Comment: assessment was performed by investigators who were not blinded
Incomplete outcome data (attrition bias) 
 All outcomes High risk Comment: number of randomly assigned participants: 804
Number of analysed participants for the main outcome per protocol: 632
Patients withdrawn: 172
The main reasons for withdrawal after randomisation (moxifloxacin vs amoxicillin‐clavulanate) were adverse events (6.2% vs 3.8%), insufficient therapeutic effect (4.2% vs 5.3%), patient lost to follow‐up (3.9% vs 5.3%), and protocol violation (3.4% vs 2.8%) (P > 0.1 in all cases). There was a high rate of withdrawal mainly due to serious adverse events and insufficient therapeutic effect.
Selective reporting (reporting bias) Unclear risk Comment: no protocol was available, however, the outcomes predefined in the methods were well reported in the results section.

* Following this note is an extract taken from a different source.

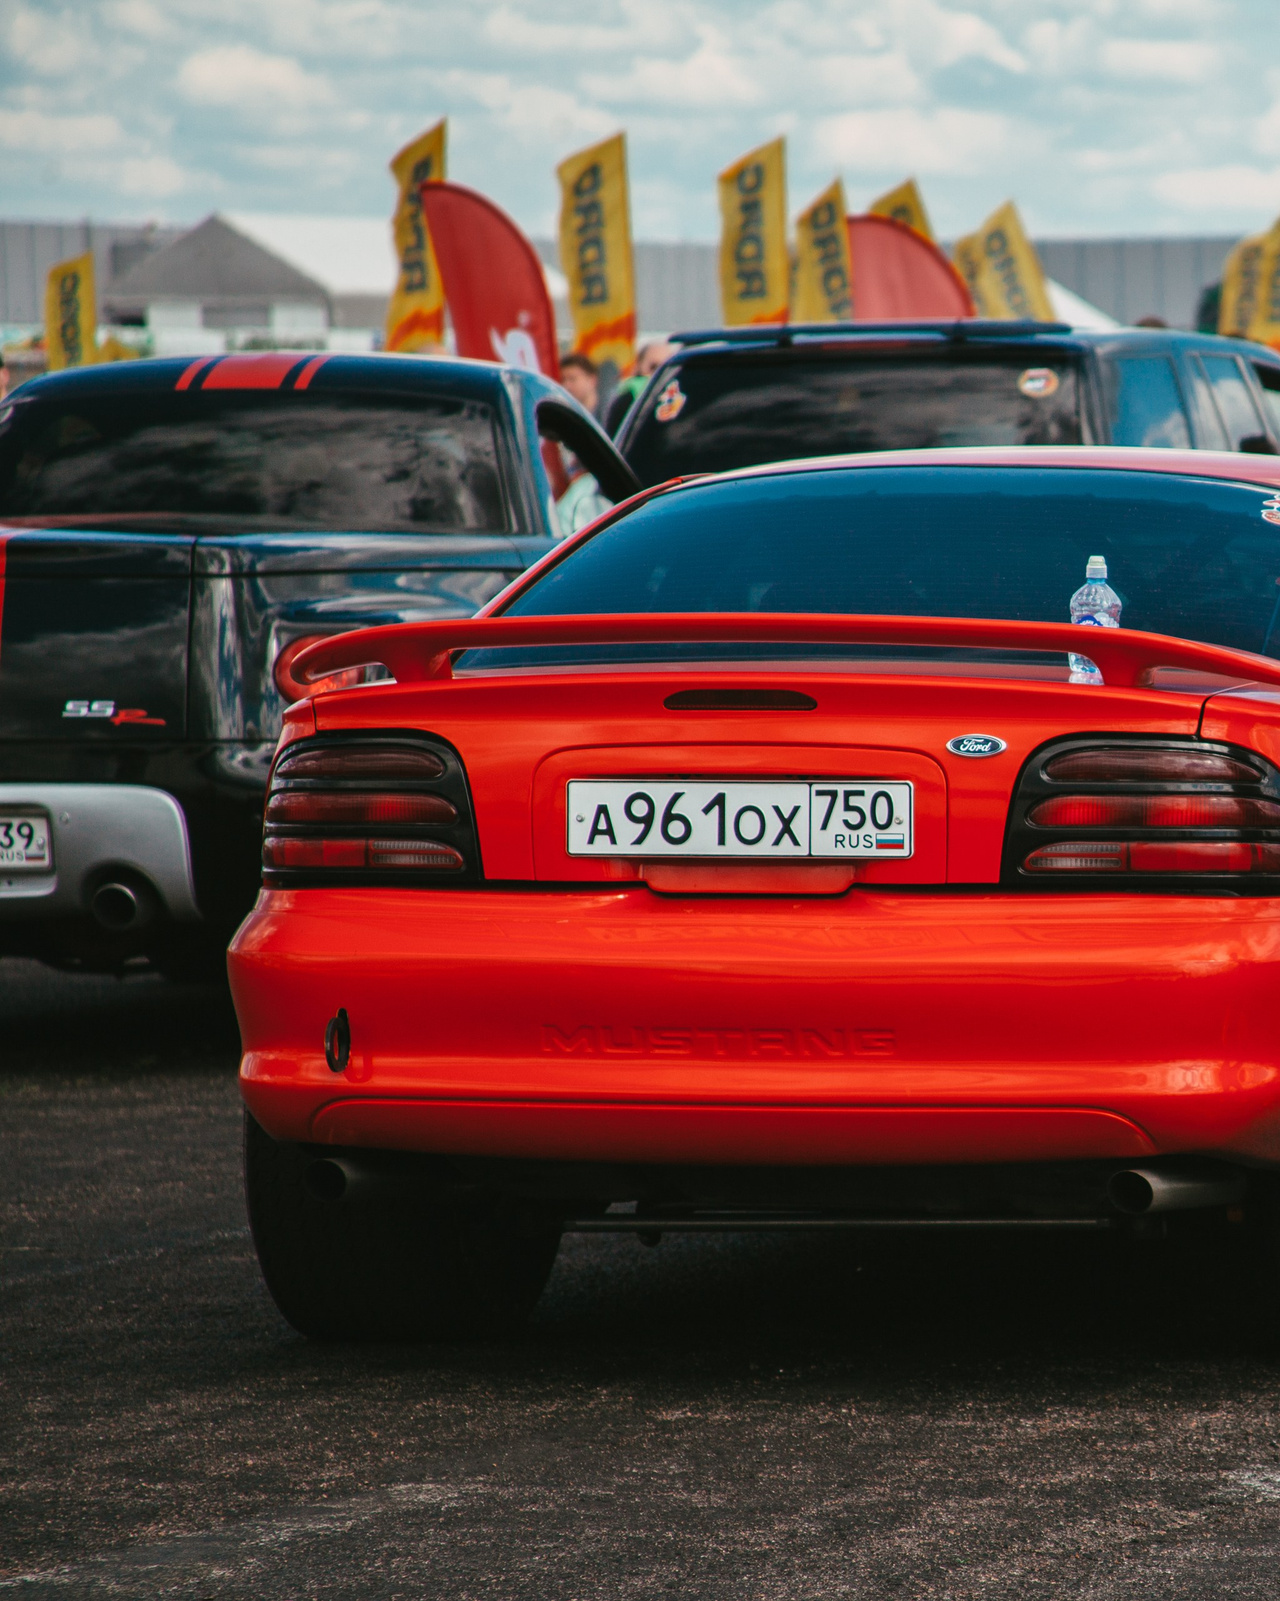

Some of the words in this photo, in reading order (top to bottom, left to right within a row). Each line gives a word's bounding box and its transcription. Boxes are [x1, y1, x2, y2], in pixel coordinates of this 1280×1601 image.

Other bias High risk Comment: there was baseline imbalance; number of patients in the NSTI subgroup was two‐fold higher in the moxifloxacin group (36/54) treatment than in the amoxicillin‐clavulanate group (18/54) treatment

AIDS: Acquired Immune Deficiency Syndrome; cSSSI: complicated skin and skin structure infections; cSSTI: complicated skin and soft tissue infection;CR: clinical response; ESM: electronic supplementary material; HBO: hyperbaric oxygen therapy;ICU: intensive care unit; IVIG: intravenous immunoglobulin; ITT: intention‐to‐treat;IV: intravenous; NSTI: necrotizing soft tissue infections; PCS: physical component summary; PP: per protocol; RBC: red blood cells; RRT: renal replacement therapy; SOFA: Sequential Organ Failure Assessment score; SF‐36: the Short Form (36) Health Survey; TOC: test of cure; WBC: white blood cells.